***** ENTRIES PROVIDED *****
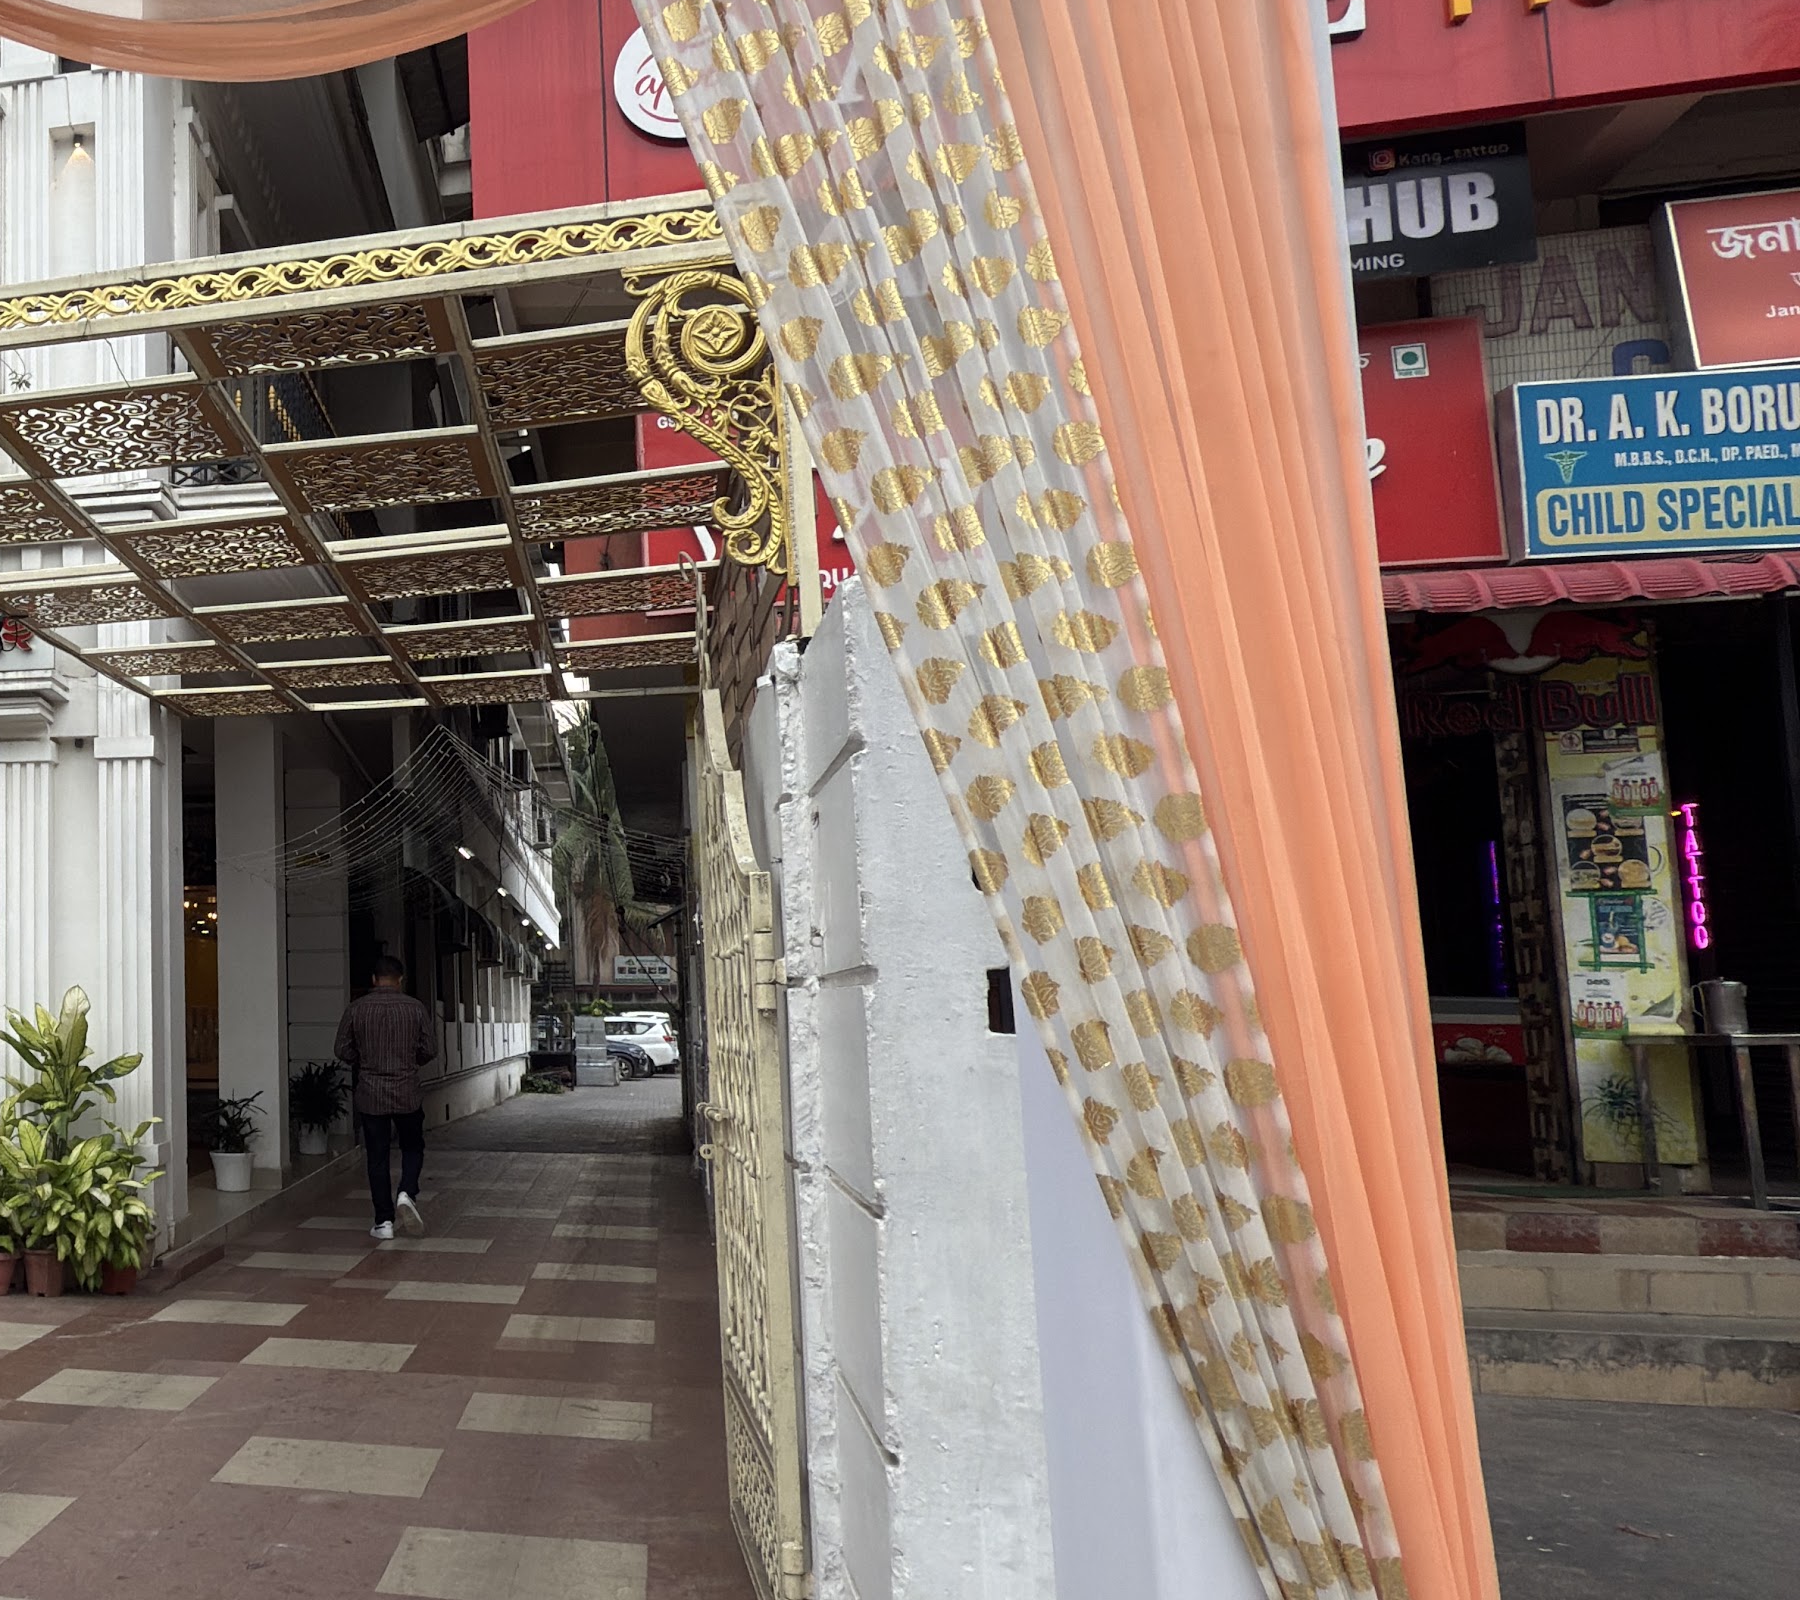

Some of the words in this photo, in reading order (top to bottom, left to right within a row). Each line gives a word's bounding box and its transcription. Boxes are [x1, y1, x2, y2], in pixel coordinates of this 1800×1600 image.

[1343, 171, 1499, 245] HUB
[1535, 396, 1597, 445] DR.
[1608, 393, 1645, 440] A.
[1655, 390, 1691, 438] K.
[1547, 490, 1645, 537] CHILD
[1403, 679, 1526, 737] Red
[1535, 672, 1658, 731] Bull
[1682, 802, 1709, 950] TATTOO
*****
* WORK REQUIRED
Reproduce the entries above exactly. Do not include the images.

* RESPONSE BOX
Some of the words in this photo, in reading order (top to bottom, left to right within a row). Each line gives a word's bounding box and its transcription. Boxes are [x1, y1, x2, y2], in pixel coordinates of this 1800×1600 image.

[1343, 171, 1499, 245] HUB
[1535, 396, 1597, 445] DR.
[1608, 393, 1645, 440] A.
[1655, 390, 1691, 438] K.
[1547, 490, 1645, 537] CHILD
[1403, 679, 1526, 737] Red
[1535, 672, 1658, 731] Bull
[1682, 802, 1709, 950] TATTOO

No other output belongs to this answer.